ご挨拶
第32回日本CT検診学会学術集会大会長
青木 隆敏
産業医科大学放射線科学講座
この度、第32回日本CT検診学会学術集会を2025年2月7日(金)・8日(土)、北九州国際会議場におきまして開催させていただくことになました。
日本CT検診学会は1994年に前身の「胸部CT検診研究会」として開催され、2025年は32回目の開催となります。創設以来、CTによる肺がん検診が疾患の早期治療に結びつくよう様々な研究がなされ、専門分野における人材の育成等、国民の健康及び医療の増進に寄与して参りました。2006年に「日本CT検診学会」と名称および制度の改定を行い、当初の肺がんのみではなく、肺の気腫性変化、冠動脈石灰化、大腸、内臓脂肪、骨強度や筋肉など、CT画像で捉えられる多くの臓器や病態に関する研究が行われるようになり、CT検診から得られる情報を余すことなく活用できるよう進められました。さらには医師や診療放射線技師、検診施設の認定制度も発足し、CTの撮影・読影技術の向上や検診の標準化に向けての取組みも着々と進んでおります。歴史と伝統のある本学術集会を担当させていただくことになり、たいへん光栄に存じます。
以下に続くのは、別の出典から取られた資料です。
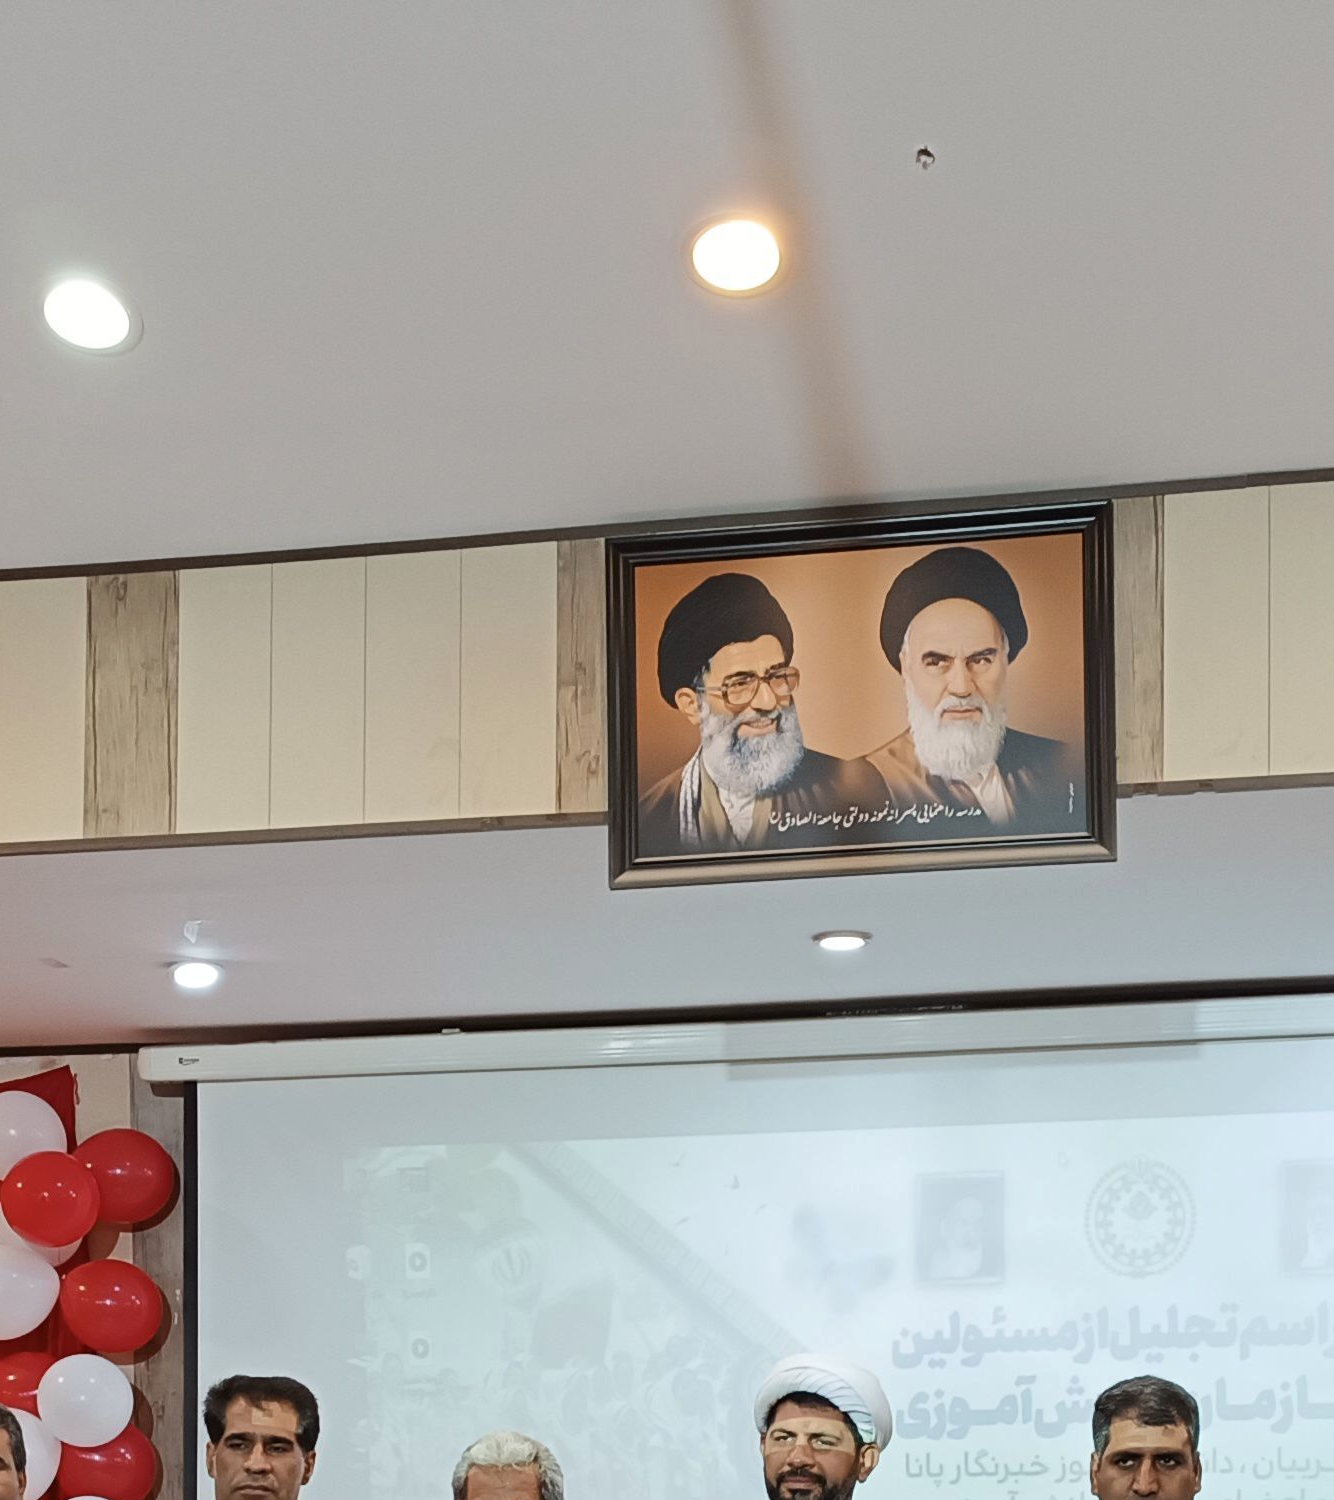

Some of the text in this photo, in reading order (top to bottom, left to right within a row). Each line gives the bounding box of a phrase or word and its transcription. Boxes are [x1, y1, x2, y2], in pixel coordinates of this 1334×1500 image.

[891, 1305, 1079, 1369] مسئولین
[1073, 1305, 1110, 1364] از
[1109, 1302, 1240, 1364] تجلیل
[896, 1374, 1037, 1441] آموزی
[905, 1451, 944, 1488] پانا
[948, 1448, 1050, 1485] خبرنگار
CT肺がん検診に関しては、欧米で2つの大規模ランダム化比較試験が行われ、その有効性が証明されましたが、本邦でもコホート研究結果が報告され、CT検診の実用化・標準化に対する機運が高まっています。一方、CT撮影技術や画像再構成技術は日進月歩で進化しており、画像の高精細化や被ばく低減が進んでいます。昨今のAI(人工知能)導入によって、これらの技術進歩には拍車がかかり、AIを用いた読影支援のソフトウェアも次々に開発されています。本学術集会も創設から30年を過ぎ、本邦のCT検診は新たな展開を迎える時であり、テーマを
『The New Era of CT Screening − CT検診の新時代を見据えて−』
としました。CT検診に関する現状を理解すると共に、様々な課題や問題を討議し、CT検診普及に向けて有益な情報を共有する場としたいと考えております。
ご参加いただいた皆様にとって、実り多き学会となるよう準備を進めて参りました。是非、北九州にお越し頂き、日中は会場での熱い討論を、夜は北九州の街夜景や美味しい食事をご堪能頂きたく存じます。皆様、どうぞご支援のほどよろしくお願い申し上げます。